WHAT IS BEING ASKED:
A faithful copy of every record is needed here. Images must not appear in it.

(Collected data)
- - - -

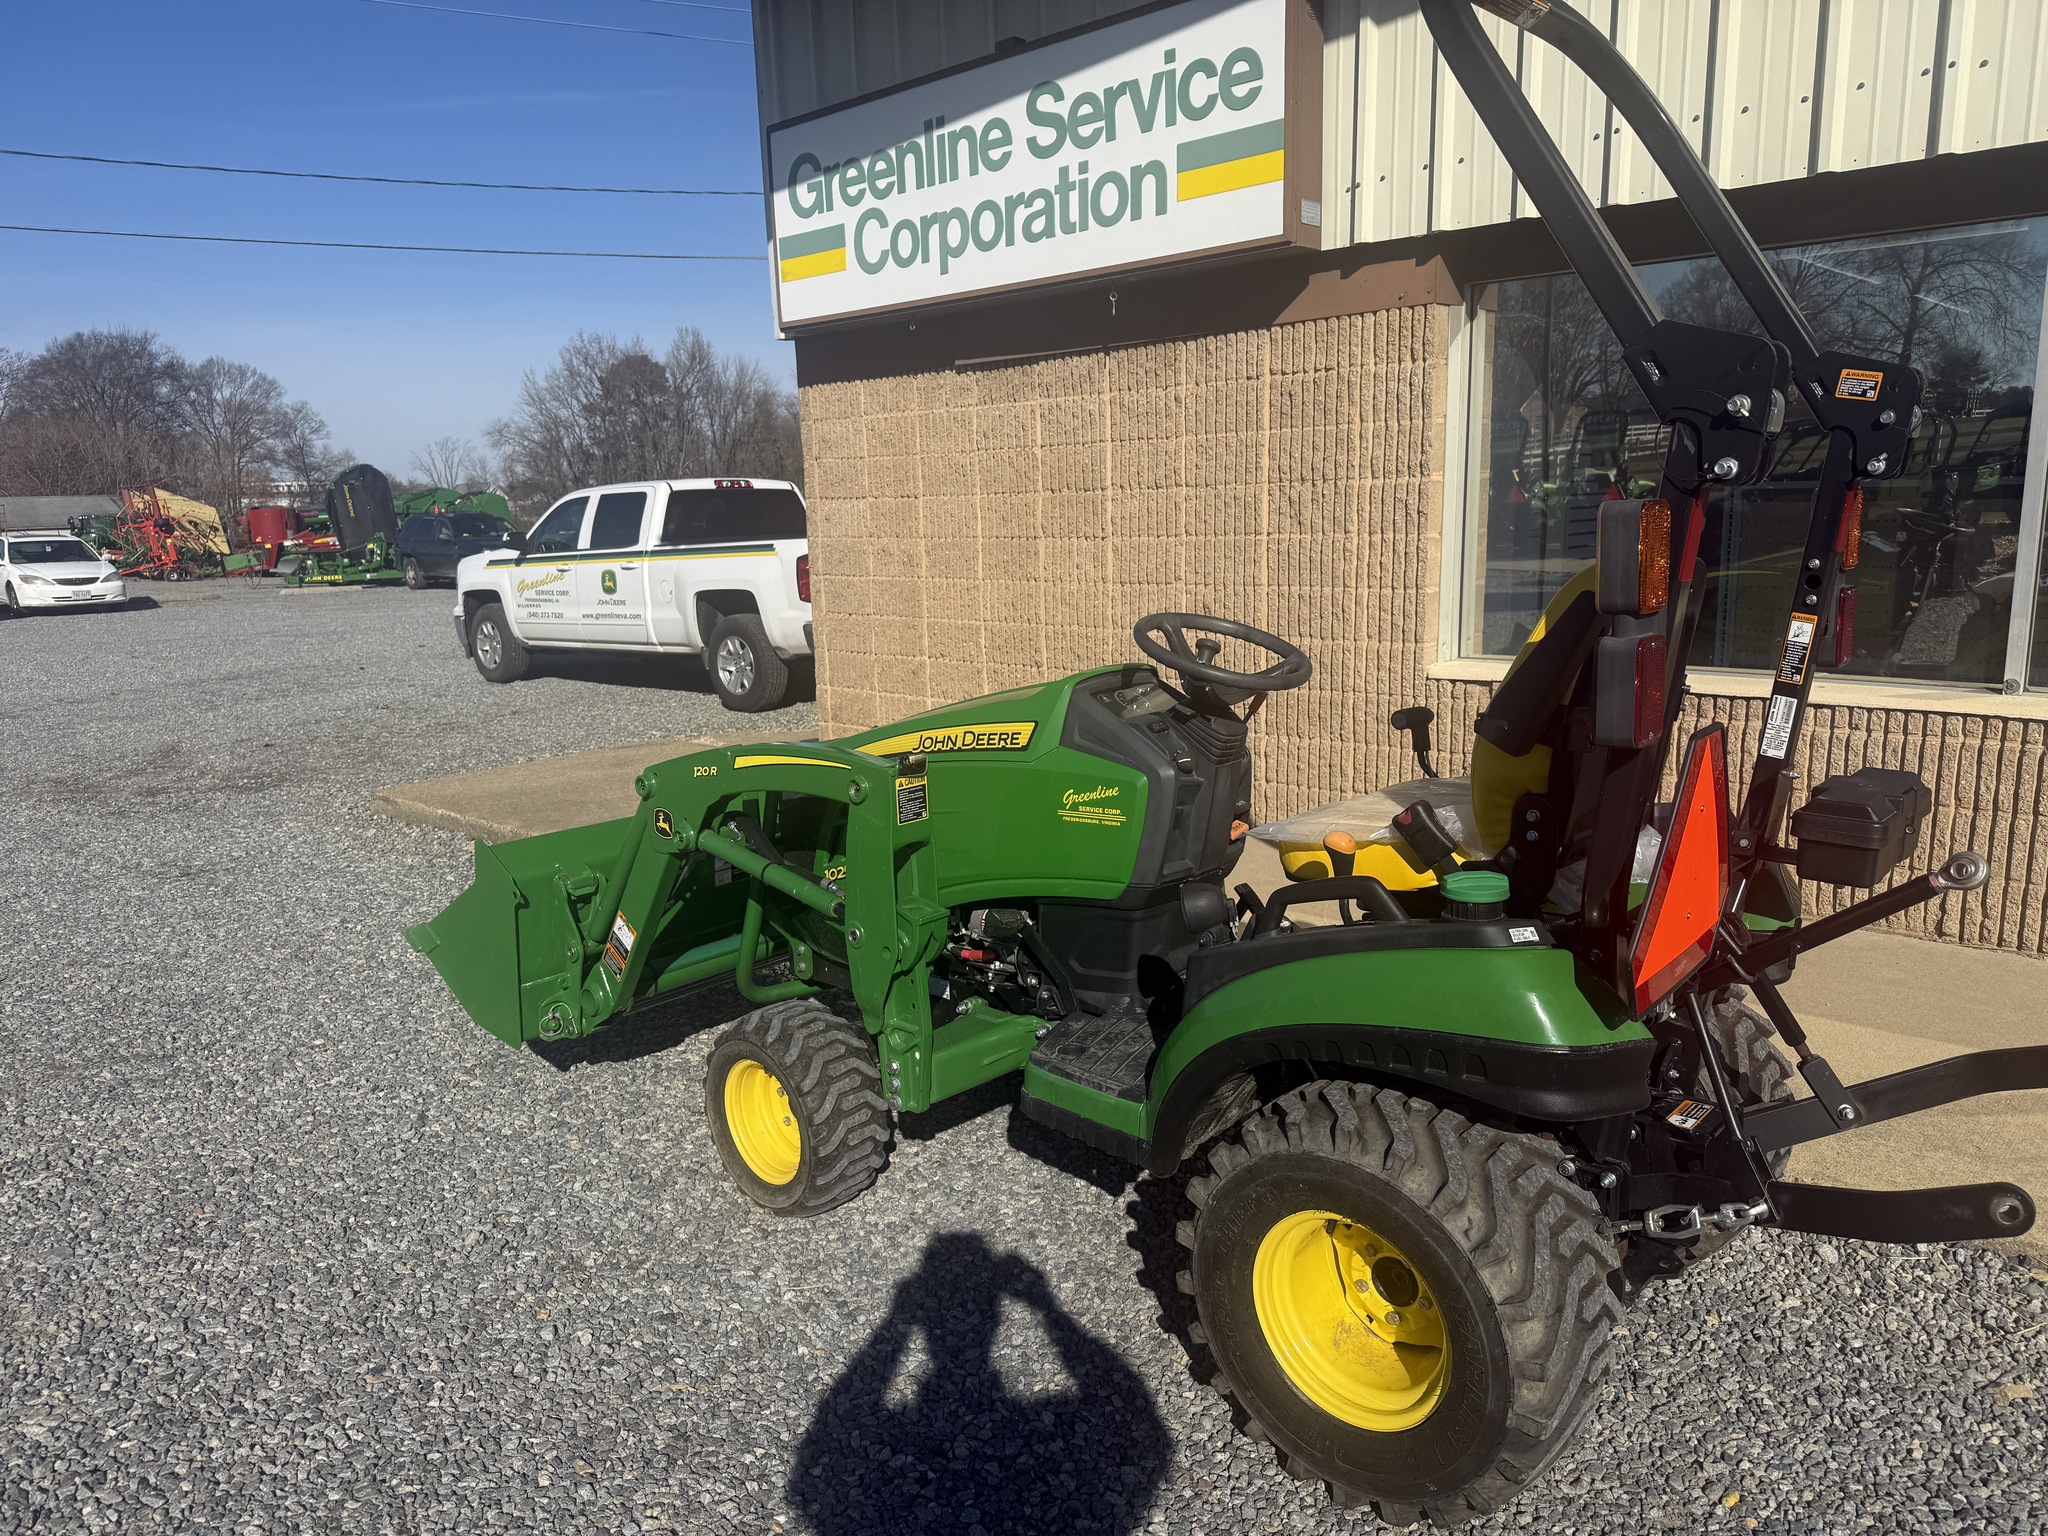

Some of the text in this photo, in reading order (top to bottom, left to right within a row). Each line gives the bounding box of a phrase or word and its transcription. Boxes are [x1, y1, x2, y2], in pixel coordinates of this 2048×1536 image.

[787, 46, 1264, 220] Greenline Service
[853, 159, 1168, 276] Corporation
[1851, 371, 1879, 379] WARNING
[517, 571, 565, 598] Greenline
[535, 589, 556, 597] SERVICE
[597, 598, 627, 606] JOHN DEERE
[527, 611, 564, 619] (540) 373-7520
[582, 611, 642, 620] www.greenlineva.com
[911, 731, 1022, 752] JOHN DEERE
[904, 776, 926, 787] CAUTION
[1063, 785, 1119, 809] Greenline
[1079, 805, 1103, 813] SERVICE
[1214, 1269, 1241, 1348] TRAC

- - - -

RESULT:
Some of the text in this photo, in reading order (top to bottom, left to right within a row). Each line gives the bounding box of a phrase or word and its transcription. Boxes are [x1, y1, x2, y2], in pixel coordinates of this 2048×1536 image.

[787, 46, 1264, 220] Greenline Service
[853, 159, 1168, 276] Corporation
[1851, 371, 1879, 379] WARNING
[517, 571, 565, 598] Greenline
[535, 589, 556, 597] SERVICE
[597, 598, 627, 606] JOHN DEERE
[527, 611, 564, 619] (540) 373-7520
[582, 611, 642, 620] www.greenlineva.com
[911, 731, 1022, 752] JOHN DEERE
[904, 776, 926, 787] CAUTION
[1063, 785, 1119, 809] Greenline
[1079, 805, 1103, 813] SERVICE
[1214, 1269, 1241, 1348] TRAC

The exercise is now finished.